The two stars can't overcome this film's timid, time-hopping marriage story.
(2 stars)
"We Live in Time" belongs to a hardy, much-loved and critically maligned movie subtype, the Dying Lover Romantic Weepie -- a genre so generic that the most famous example is literally titled "Love Story." That was more than 50 years ago, and we as a society have evolved to the point that heroines no longer die of what Roger Ebert once called "Ali MacGraw's Syndrome" and the rest of us just refer to as Mysterious Movie Wasting Disease.
No, in "We Live in Time," the diagnosis, delivered early on, is as horribly specific -- ovarian cancer -- as the film itself is oddly mild. Written by Nick Payne ("The Last Letter From Your Lover") and directed by John Crowley ("Brooklyn"), it's a time-hopping marriage story that seems to want to wring our tears but is too timid or tasteful to really do so.
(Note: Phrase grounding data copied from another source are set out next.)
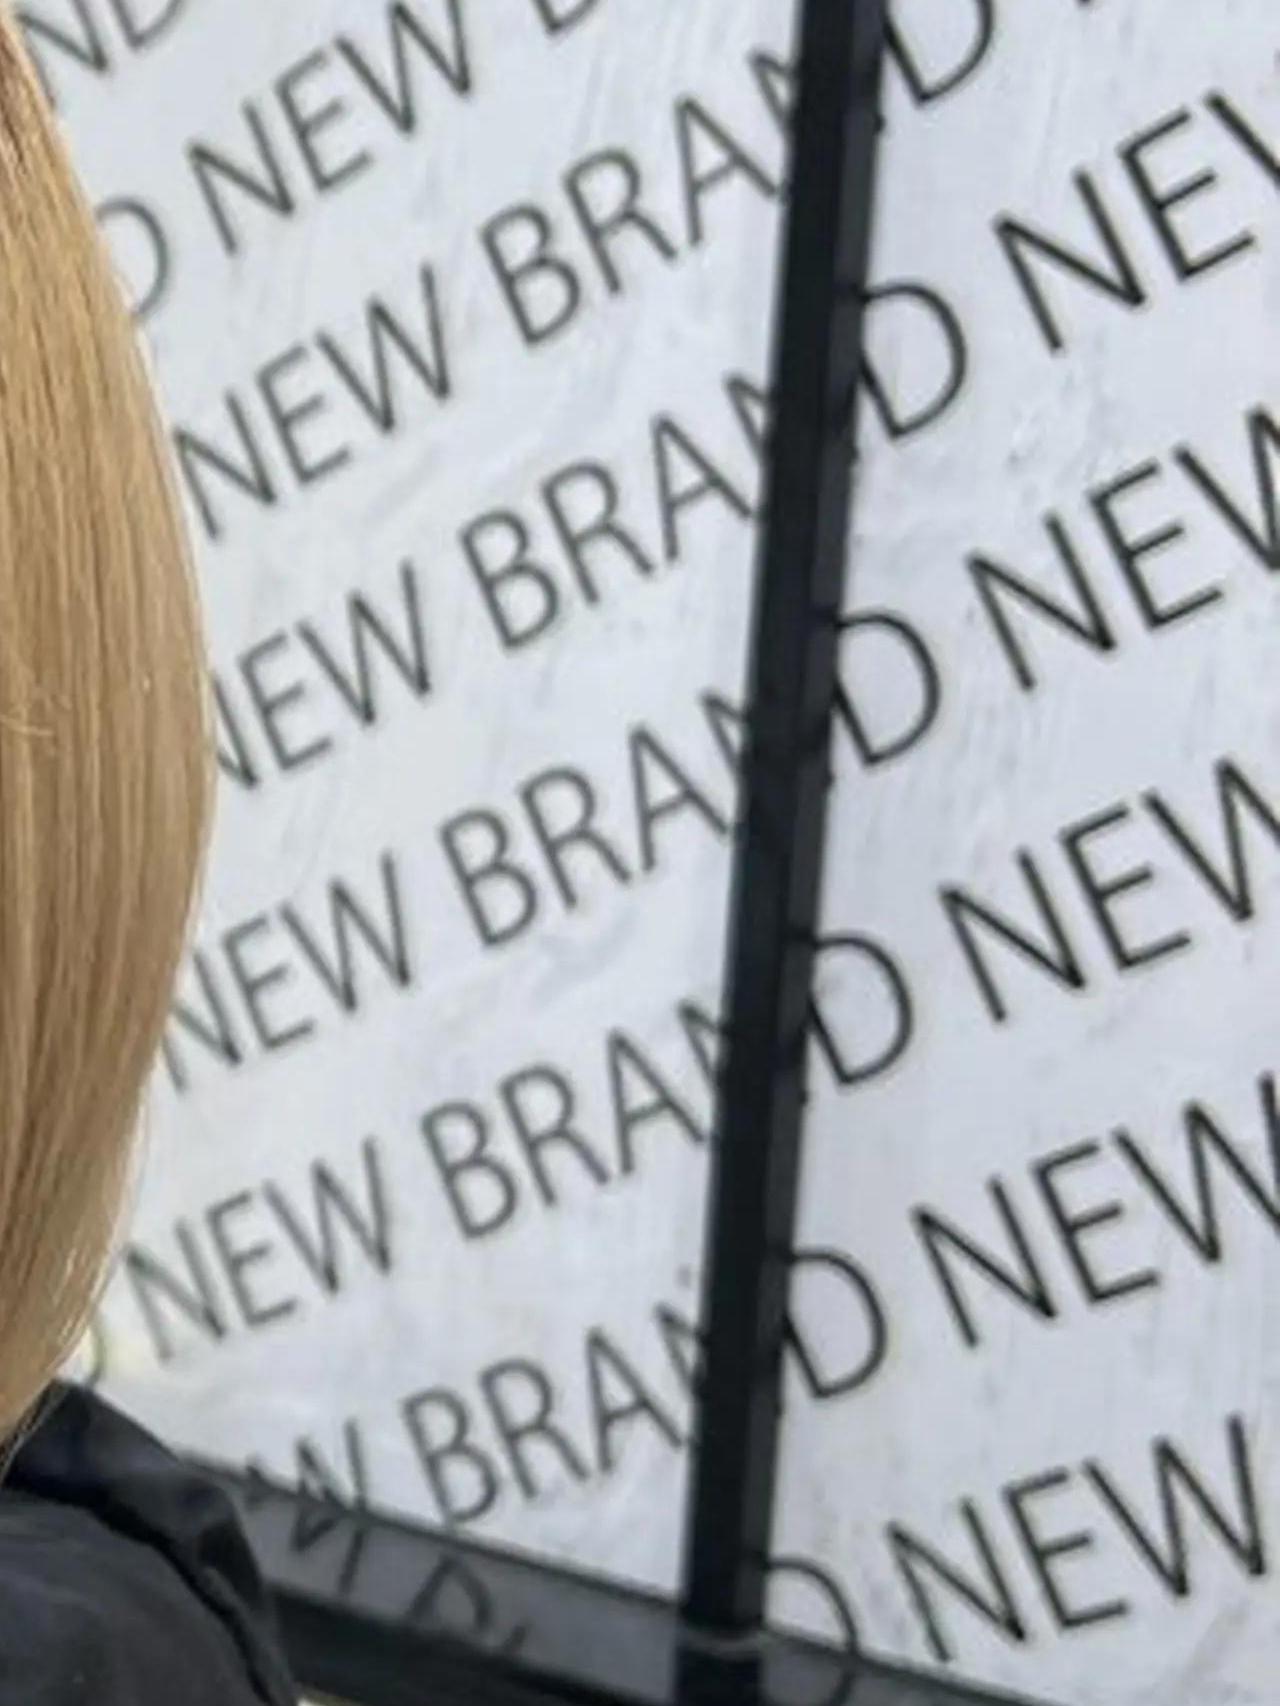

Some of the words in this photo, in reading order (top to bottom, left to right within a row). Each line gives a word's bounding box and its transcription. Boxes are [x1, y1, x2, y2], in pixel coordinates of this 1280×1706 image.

[171, 259, 452, 543] NEW
[122, 1133, 395, 1363] NEW
[935, 753, 1280, 1025] NEW
[160, 846, 416, 1095] NEW
[908, 1068, 1280, 1353] NEW
[883, 1411, 1268, 1665] NEW
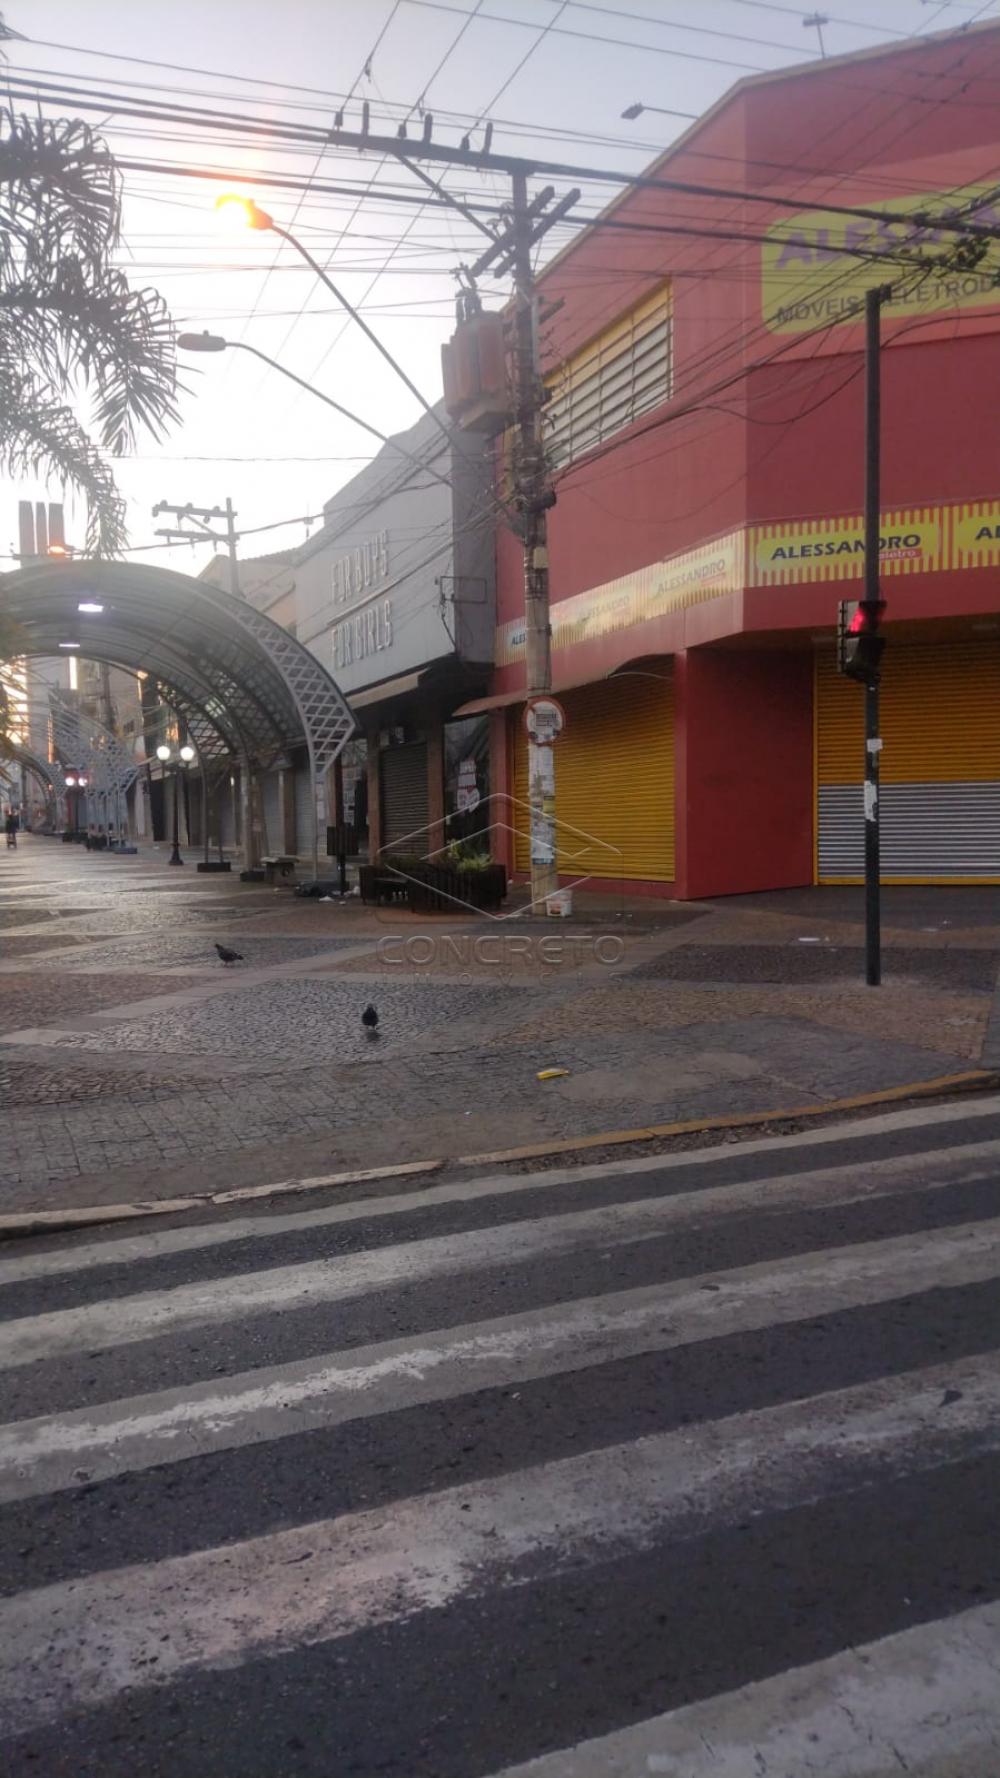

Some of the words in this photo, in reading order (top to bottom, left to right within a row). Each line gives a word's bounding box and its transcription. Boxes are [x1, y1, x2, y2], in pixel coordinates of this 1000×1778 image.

[331, 556, 352, 604] FOR
[355, 528, 388, 593] BOYS
[657, 558, 727, 595] ALESSANDRO
[331, 622, 353, 669] FOR
[355, 599, 393, 660] GIRLS
There is one fresh narrative idea here, but it takes forever to get to it.
One reason we go to the movies, of course, is to watch attractive people and have a good cry, and "Time" at least fulfills the first part of the bargain. Andrew Garfield plays Tobias and Florence Pugh plays Almut, and because this is a British production, the two actors get to keep their accents. Tobias does something for a living that's mentioned once or twice and promptly forgotten because it's not important to the story, but Almut is a talented and fiercely ambitious London chef, which makes "We Live in Time" a little like "The Bear," if Carmy had a terminal illness. (Almut's specialty is Bavarian fusion, and if there's a joke in there, the movie doesn't make it.)
The film jumps around in their relationship, slicing and dicing their moments as a couple for no real reason other than that linear chronology would make the story one long trudge to the grave. Screenwriter Payne comes up with one of the more spectacularly violent meet-cutes in recent movie memory -- kids, do not try this at home -- and, not too much later, a rush-to-the-hospital childbirth scene with some of the film's most relatable laughs. Tobias also has to embarrassingly proclaim his love for Almut in front of a crowd because this is legally required of all British romantic movies under the Hugh Grant Statute of 1999.
The stages of Almut's cancer are presented to us piecemeal and out of sequence, too, perhaps to underscore the character's stoicism, which Pugh conveys very well, while downplaying the panic, which she signals in more subtle ways. Early on, it's made clear that Almut is opting to refuse a second round of chemotherapy and allow the disease to progress, which Tobias accepts tearfully and rather easily. The film gives her a bevy of interesting restaurant friends, played by interesting actors such as Aoife Hinds (daughter of Ciarán) and newcomer Lee Braithwaite as Almut's faithful sous chef; Tobias has none and in fact behaves with such inhuman forbearance that a viewer finally realizes the movie isn't about him or, indeed, the couple.
Instead, "We Live in Time" turns out to be a movie about a woman choosing between her family and her career with an oncological gun pointed at her head. Almut learns she has been tapped to represent England in the prestigious Bocuse d'Or gastronomic competition, which she embarks on while somehow keeping it secret from Tobias and their adorable, perfectly behaved little daughter Ella (Grace Delaney). Why the subterfuge? Aside from guilt, it's never clear, other than to gin up conflict in a story that seems resistant to it. In any event, Pugh uses her expressive eyes and ardent, intelligent sensibilities to paint a touching if underdeveloped portrait of an artist desperate to leave her mark before being rushed too soon from the show.
This all unfolds with a minimum of medical unpleasantness and a gently weepy score, heavy on the minor chords, by Bryce Dessner of the rock band the National. His music, tender and discreet and bloodless, is of a piece with the film. At the promotional screening I attended, packets of tissues were handed out to the audience of mostly young women with the implied promise that they would be sobbing. By the muted final scenes of "We Live in Time," that audience seemed sad, puzzled and largely un-verklempt at a movie whose message appeared to be "Love means never having to say you're dying."
R. At area theaters. Contains language, sexuality and nudity. 107 minutes.